# I'd like to be....



## schigolch (Jun 26, 2011)

Many fans dream of being an opera professional.

Imagine that we have the talent, the knowledge, and the opportunity. What we would prefer to be?


----------



## Ukko (Jun 4, 2010)

Younger and skinnier - oops, not a choice. Well, anyway...


----------



## Il_Penseroso (Nov 20, 2010)

schigolch said:


> *I'd like to be....*


an opera conductor


----------



## MAuer (Feb 6, 2011)

A singer . . . though I'd need a vastly improved voice than the one I have now if I don't want to get pelted with rotten fruit!


----------



## amfortas (Jun 15, 2011)

Il_Penseroso said:


> an opera conductor


I, too, have often dreamed of being an opera conductor.

Usually in the dreams, I'm naked.

Not sure if that's an option.


----------



## sospiro (Apr 3, 2010)

Opera House Manager (if that's the same as Director)

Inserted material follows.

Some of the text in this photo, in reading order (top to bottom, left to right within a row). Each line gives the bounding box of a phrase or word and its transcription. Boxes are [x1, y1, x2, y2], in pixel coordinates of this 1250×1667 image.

I could then stage any & every opera I wanted & ditto singers.


----------



## schigolch (Jun 26, 2011)

yes, it's about the same thing.


----------



## rgz (Mar 6, 2010)

Probably a tie between singer and stage director.


----------



## Tapkaara (Apr 18, 2006)

I'd love to be a composer/conductor.


----------



## Couchie (Dec 9, 2010)

A singing conductor-director of course.


----------



## Aksel (Dec 3, 2010)

Couchie said:


> A singing conductor-director of course.

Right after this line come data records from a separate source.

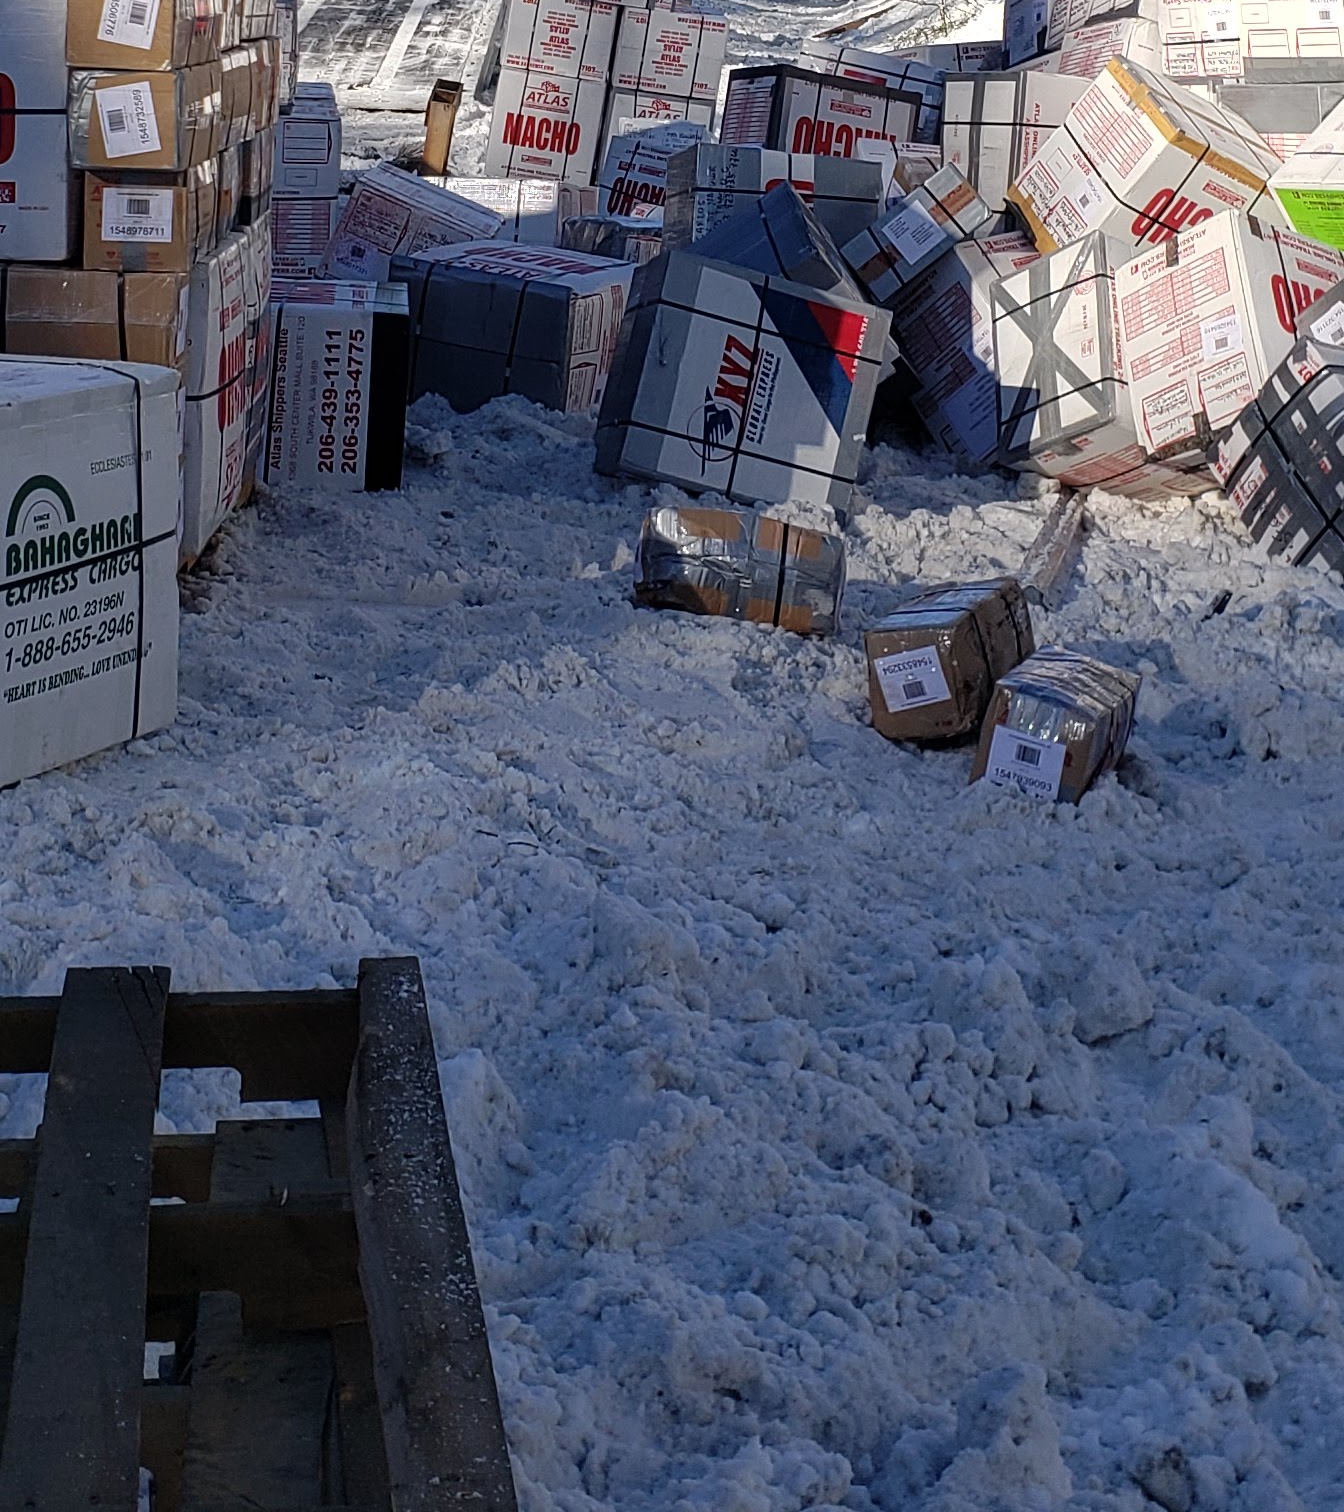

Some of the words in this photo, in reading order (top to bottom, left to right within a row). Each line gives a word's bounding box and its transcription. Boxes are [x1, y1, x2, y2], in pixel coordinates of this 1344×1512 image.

[548, 35, 570, 46] ATLAS
[549, 24, 570, 34] ATLAS
[660, 53, 682, 64] ATLAS
[662, 43, 684, 54] ATLAS
[132, 89, 151, 145] 1548732589
[526, 92, 571, 108] ATLAS
[502, 111, 582, 156] MACHO
[792, 115, 897, 159] CHO
[108, 225, 165, 237] 1548978711
[298, 316, 306, 333] 120
[278, 328, 289, 372] Seattle
[296, 335, 305, 361] SUITE
[294, 363, 303, 388] MALL
[714, 334, 758, 408] XYZ
[273, 377, 286, 434] Shippers
[291, 389, 300, 426] CENTER
[309, 387, 317, 402] WA
[317, 329, 342, 474] 206-439-1111
[341, 328, 365, 474] 206-353-4775
[746, 403, 764, 443] GLOBAL
[756, 350, 775, 399] EXPRESS
[270, 438, 283, 471] Atlas
[289, 427, 298, 459] SOUTH
[33, 512, 50, 523] SINCE
[6, 512, 140, 577] BAHAGHARI
[5, 567, 79, 607] EXPRESS
[88, 552, 140, 586] CARGO
[4, 619, 27, 639] OTI
[58, 605, 80, 626] NO.
[83, 591, 125, 618] 23196N
[4, 611, 135, 672] 1-888-655-2946
[37, 677, 47, 693] IS
[91, 657, 112, 677] LOVE

Surely at the same time, I hope?

I'd like to be an opera historian, but I'd be thoroughly happy with being principal countertenor.


----------



## CountessAdele (Aug 25, 2011)

;D a singer. Ah I'm day-dreaming about it now! XD


----------



## Polednice (Sep 13, 2009)

I would definitely love to be a composer. I already try my best to compose, but, though I can write fairly pleasant things, I worry that it's just uninteresting. I've never had any formal training, so I think it would be a very treacherous career road to go down. 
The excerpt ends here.